Second-line investigations
Follow-up second-line studies depend on previous findings, clinical preference and institutional availability of certain tests. Historically, the next move would typically be investigation via electromyography (EMG) or nerve conduction studies, both of which we would expect to be essentially normal for glycogen storage disease, fat oxidation disorders and most mitochondrial disorders. EMG is often abnormal in muscular dystrophy and inflammatory myopathies. A muscle biopsy is often the next potential test, providing important diagnostic clues regarding potential metabolic myopathies, genetic structural myopathies or inflammatory myopathies.
However, some have suggested moving genetic testing to an earlier point in the process, at least in some instances. For example, some have argued that next-generation sequencing via a rhabdomyolysis gene panel may be more appropriate than traditional muscle biopsy and related tests. The idea is that such tests may provide improved diagnostic sensitivity and quicker time to diagnosis. Such an approach has become more of a possibility as the costs for such testing is now little more than that previously set for sequencing a single gene. In this model, a clinician may send for such a panel after initial blood studies, if clinical suspicion is warranted, only going back to muscle biopsy and other tests if the genetic diagnosis was inconclusive.3
Dr.

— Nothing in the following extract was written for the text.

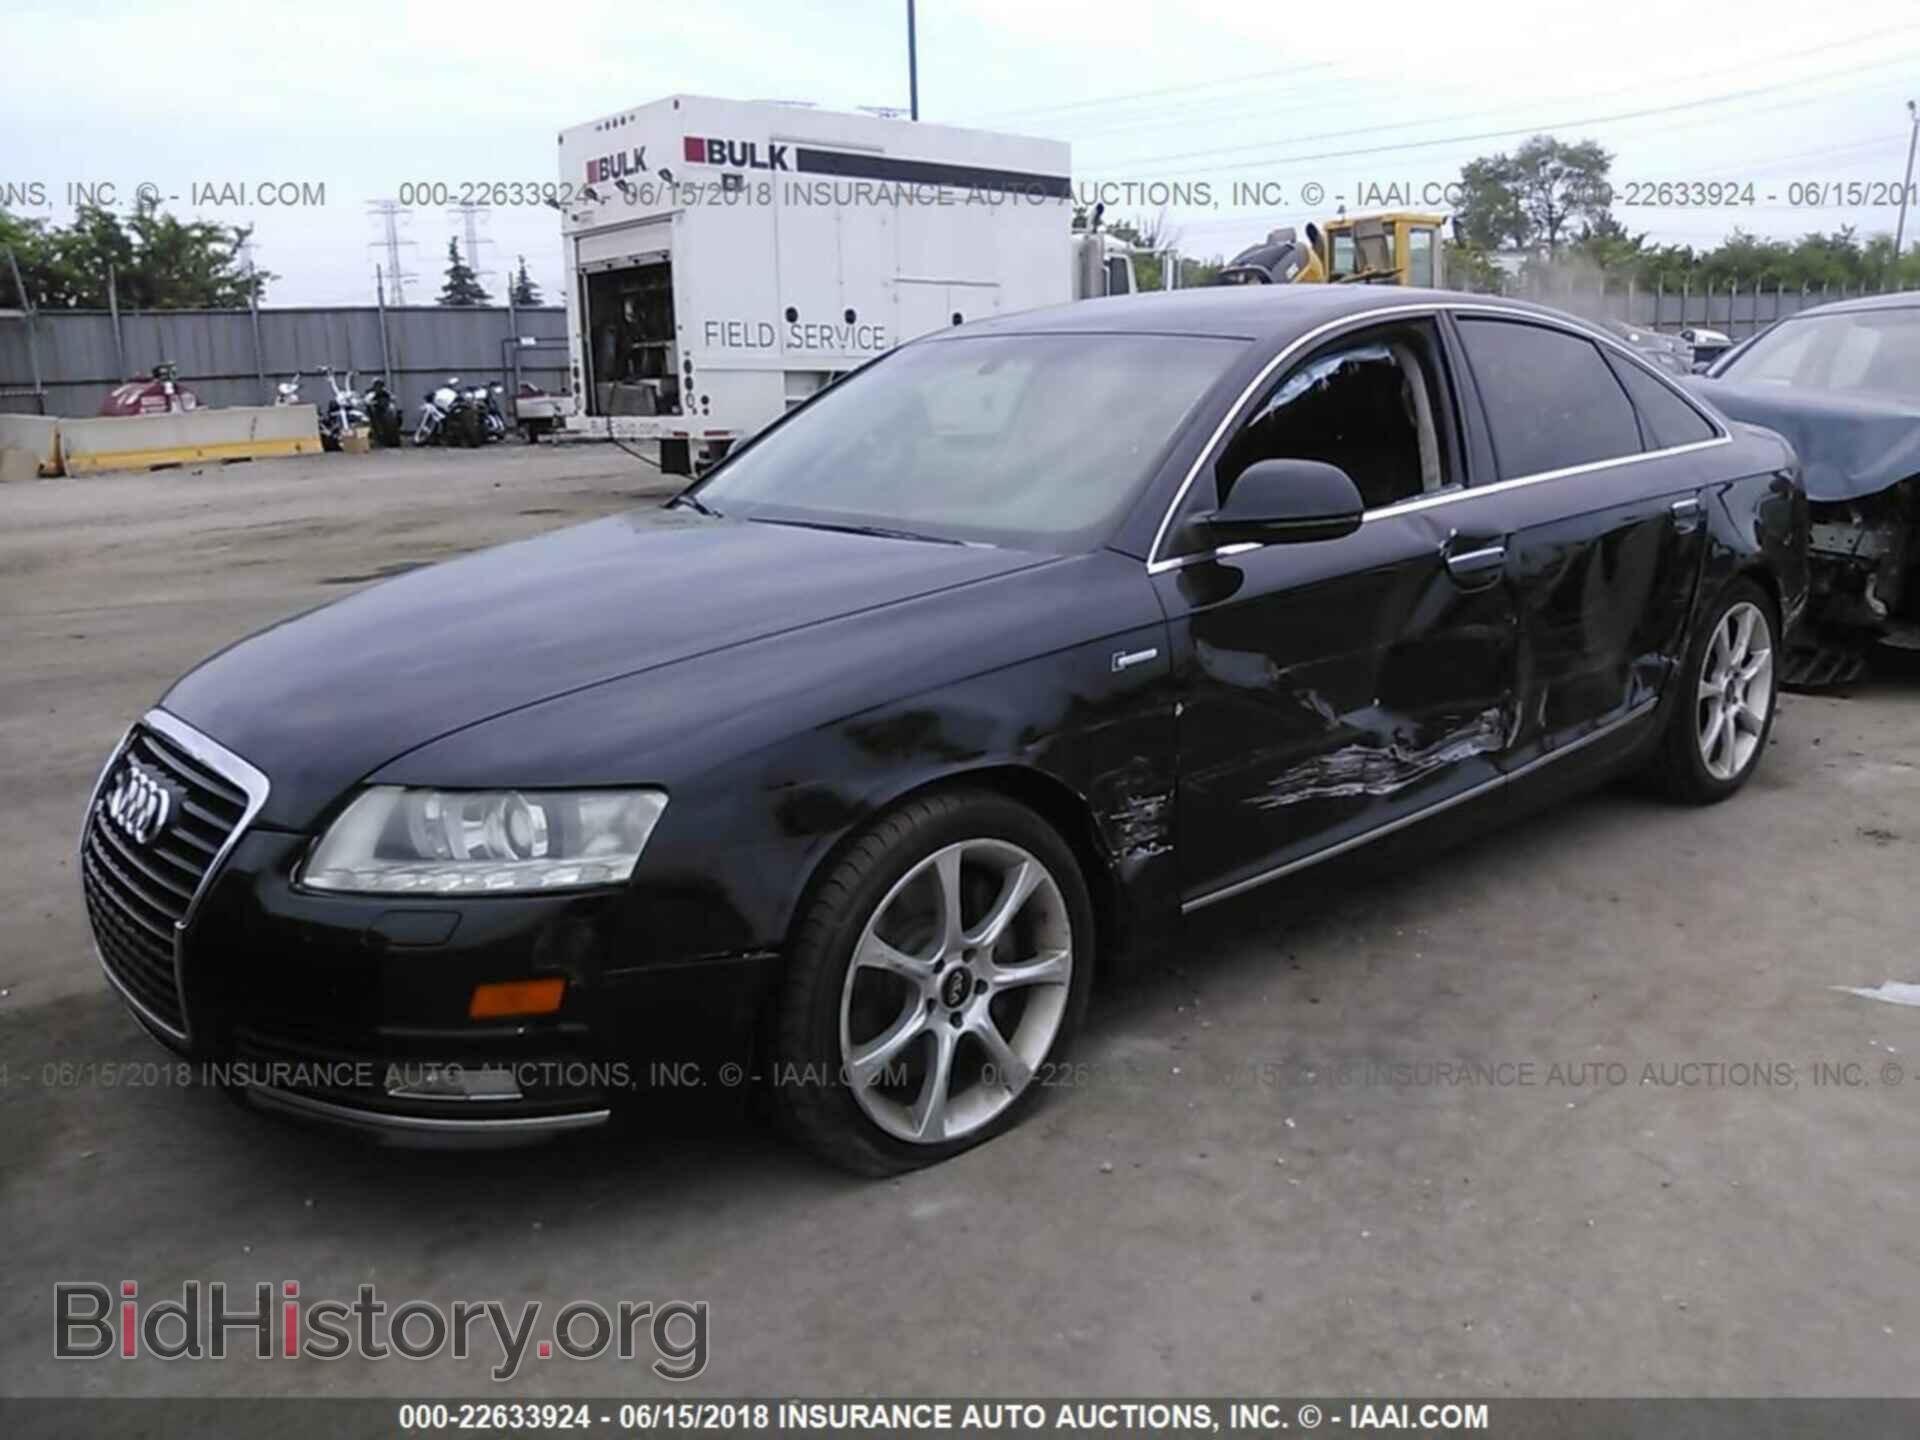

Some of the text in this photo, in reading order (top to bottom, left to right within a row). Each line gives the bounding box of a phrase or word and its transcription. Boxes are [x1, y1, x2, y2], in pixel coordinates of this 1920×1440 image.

[599, 146, 647, 181] BULK
[707, 139, 790, 171] BULK
[704, 321, 886, 350] FIELD SERVICE

Tarnopolsky believes it is unwise to bring in such tests too early in the diagnostic process of suspected metabolic myopathies or muscular dystrophy, preferring to wait until other tests have helped rule in or out suspected disorders.
Dr. Finsterer suggests that beginning with the older, more conventional workup may sometimes be preferable for a patient with a phenotype that clearly suggests a particular disorder.
Dr. Tarnopolsky points out commercially available genetic tests often check only the exons of genes, and some patients may have deficits due to intronic mutations or a gene not yet assigned to a given disease. This can lead to false negative testing.
Dr. Finsterer agrees: “Even after application of next-generation technology for genetic work-up, a number of disorders may remain undetected.”